The reporter witnessed spillages, but was told by senior drivers that there was no need to clear it up during the delivery round.
Asda says it has a "clean as you go" policy and staff get full training.
Both Asda employees and customers have contacted the consumer programme with allegations about the cleanliness of the store's delivery crates.
One driver told the programme: "There's no cleaning process in place. The crates are used over and over again, even after spillages.

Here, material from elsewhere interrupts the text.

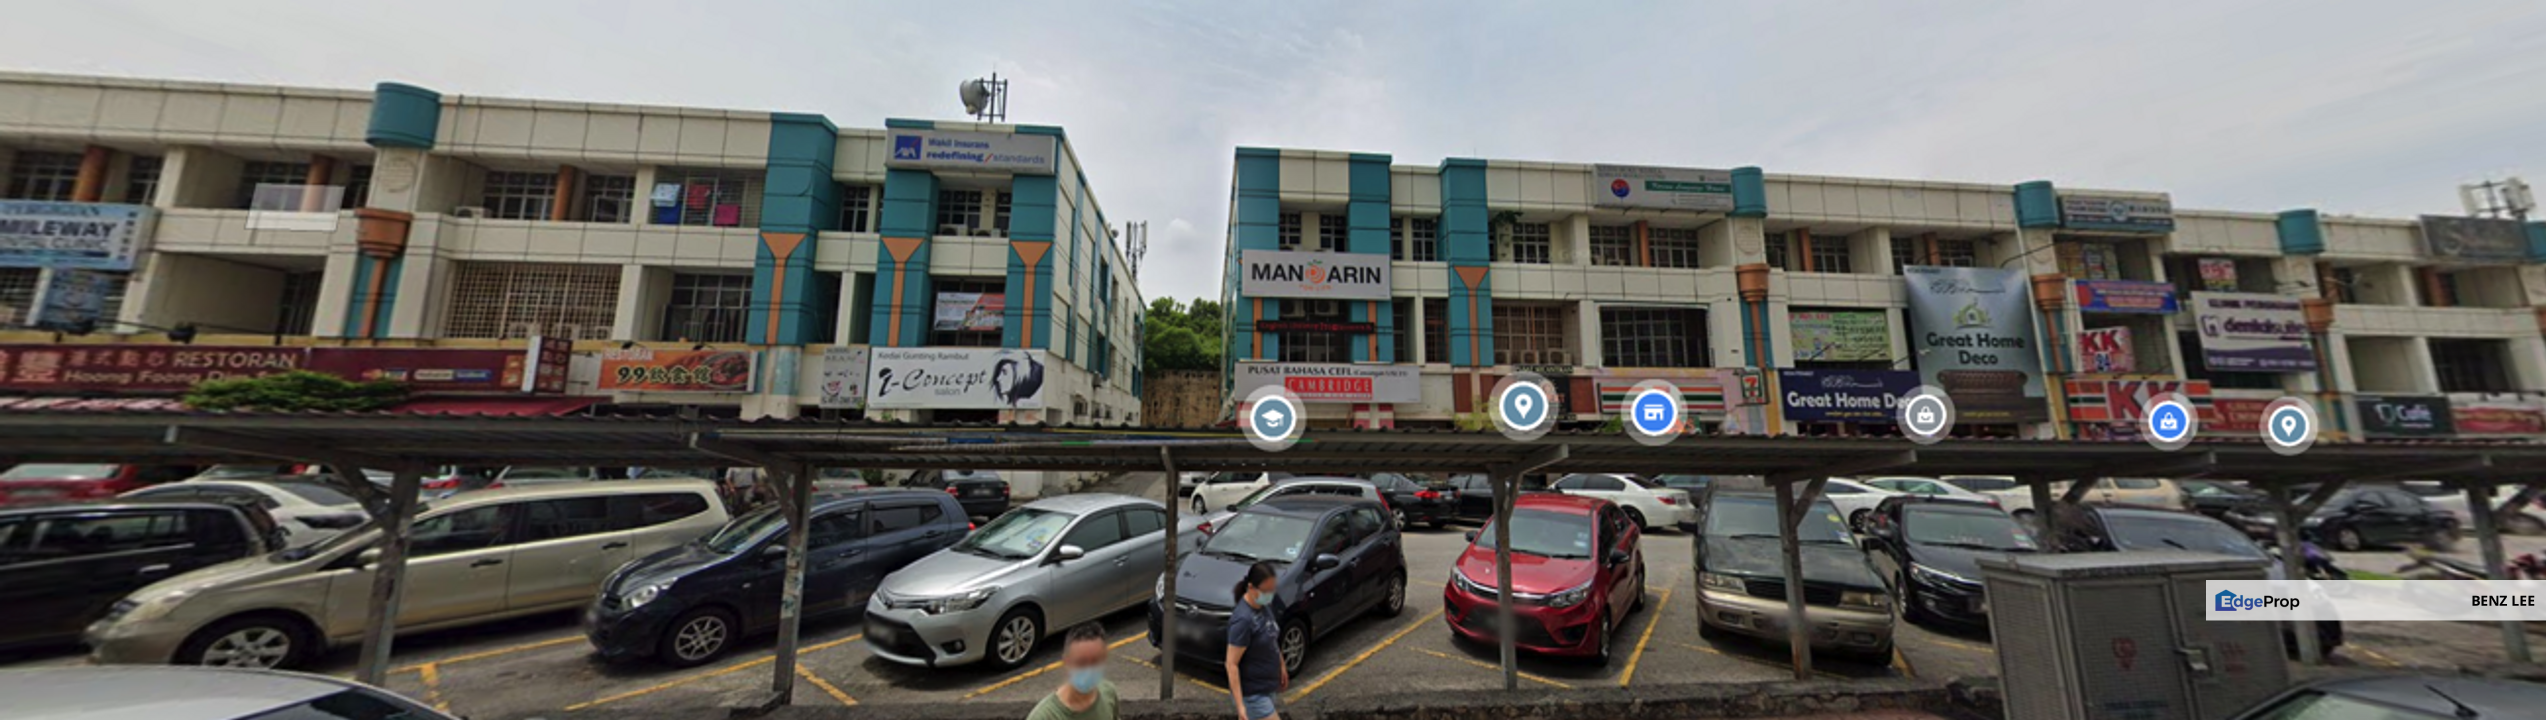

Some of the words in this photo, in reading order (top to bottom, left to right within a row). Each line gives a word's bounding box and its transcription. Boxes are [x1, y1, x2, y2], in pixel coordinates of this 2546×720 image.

Most, if not all, are dirty, from food, and things like smashed eggs."
Another driver told the programme they are so concerned about poor hygiene, they are worried about their own family eating food from the crates.
Asda said the findings were "isolated examples and the opinion of individual colleagues".
It added: "The findings do not reflect the extensive policies and training they have in place, which are supported by independent third party audits."
The supermarket also says Watchdog's researcher did not receive the full role-specific training because he didn't do enough shifts.
In July, Asda announced it was removing the option to choose to have carrier bags with Home Delivery and Click & Collect orders.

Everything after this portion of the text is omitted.